Way to shake up the mobile market. Any developer stymied now about whether to develop for Apple iOS, Google Android, RIM BlackBerry OS, or Microsoft Windows 7 now will have to take into account the HP/Palm WebOS, which will literally run millions of devices beginning this spring, HP execs said.

"In the last 60 seconds we just sold 120 PCs," boasted Todd Bradley, executive VP of HP's system group, to a packed room of reporters and analysts. Emphasizing HP's sheer size, Bradley then announced the array of WebOS devices, all able to sync content with each other. "It's very clear we're in the early stages of a market that's going to dramatically grow in size and importance," he added.

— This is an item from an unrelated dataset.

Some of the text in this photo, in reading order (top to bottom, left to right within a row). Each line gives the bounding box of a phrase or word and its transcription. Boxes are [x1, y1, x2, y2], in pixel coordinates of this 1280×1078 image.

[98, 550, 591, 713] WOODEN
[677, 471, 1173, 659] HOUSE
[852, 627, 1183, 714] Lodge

"We've focused on how we can bring the scale of HP to WebOS," Bradley said, adding that "no one before today has come forward to develop a solution that works ubiquitously across these [phone, tablet, and PC] devices. We're announcing a WebOS solution that gives [customers] effortless access to all their data no matter what HP device they use."

These are fighting words in the emerging tablet wars, which many observers had assumed Apple had already won. It's ironic, considering that HP was already an old girl when Apple founder Steve Wozniak worked in its calculator division in the early 1970s.

Ex-Palm chief and now HP exec Jon Rubenstein took the stage and talked about the benefits of Synergy, the feature that will let customers easily sync up the data among apps on their WebOS tablets, phones, and eventually PCs. This is already available with WebOS, but the company has expended this feature to work across devices and across more apps.

"Synergy merges your apps from the cloud ... in an integrated, easy-to-use way. If something changes in the cloud, it's automatically updated on your phone," Rubenstein said, commenting on the "much larger stage" WebOS will play on.

Whizzy onstage demos showed tablet and smartphone data and applications seemlessly interoperating -- using a new feature called touch-to-share. Rubenstein showed that just tapping the Pre 3 to the TouchPad synced them up, with both devices showing the identical Web site almost instantaneously. The benefit: You can then walk away with either device without worrying about what app or data it contains.

Rubenstein announced the newest version of WebOS -- version 2.1 -- which retains its card- and stack-based interface and adds more than 50 enhancements, he said.

But HP's hardware announcements took center stage. Its Veer is a tiny smartphone with many of the capabilities of a high-end device, HP execs said. About the size of a credit card, it sports a slide-out QWERTY keyboard, a 2.6-inch 320 x 400 display, a gesture area, a full browser, built-in Flash, and support for such standards as HSPA+, 802.11 b/g, and Bluetooth 2.1. It's one of the first phones on the market to use Qualcomm's Snapdragon 7230 technology.

The Palm Pre 3 is another Qualcomm-centric device. Its display is two-and-a-half times the resolution of the Pre's current display, execs said. A true World Phone (with support for both HSPA + and EVDO), it carries a 3.6-inch display with 480 x 800 WVGA resolution. It also includes a 5-megapixel camera, will be available in 8-GB or 16-GB versions, and runs on the Qualcomm 1.3-GHz processor.

The Veer will be available this spring, and the Pre 3 will follow this summer, execs said.

Finally, HP unveiled the TouchPad, the first in a planned line of TouchPad tablets of various form factors. This first model, weighing in at just more than a pound and a half, is 13.7-mm thick and carries a 9.7-inch 1024 x 768 display. It includes a 1.3-megapixel webcam, and the tablet will be available in 16-GB and 32-GB versions, execs said.

The TouchPad also is Qualcomm-based – the tablet includes its dual core 1.2-GHz processor. Demos showing videoconferencing and 3D action games showed its speed.

Support for Google Docs, Dropbox, and Box.net is also included, HP execs said, as well as support for editing and viewing Microsoft Word and Excel apps, support for wireless printing, built-in games, and built-in Amazon Kindle support for reading books and newspapers.

All the devices announced today will work with HP's Touchstone charging and syncing technology. The tablet's Touchstone is more like an easel than the small, round Touchstone that the WebOS phones use.

While last week’s much hyped Google Android 3.0 event was disappointing, HP managed to do just the opposite here: provide actual demonstrations of real products. Not a bad start.

For InformationWeek, TechWeb, and BYTE.com, I’m Gina Smith.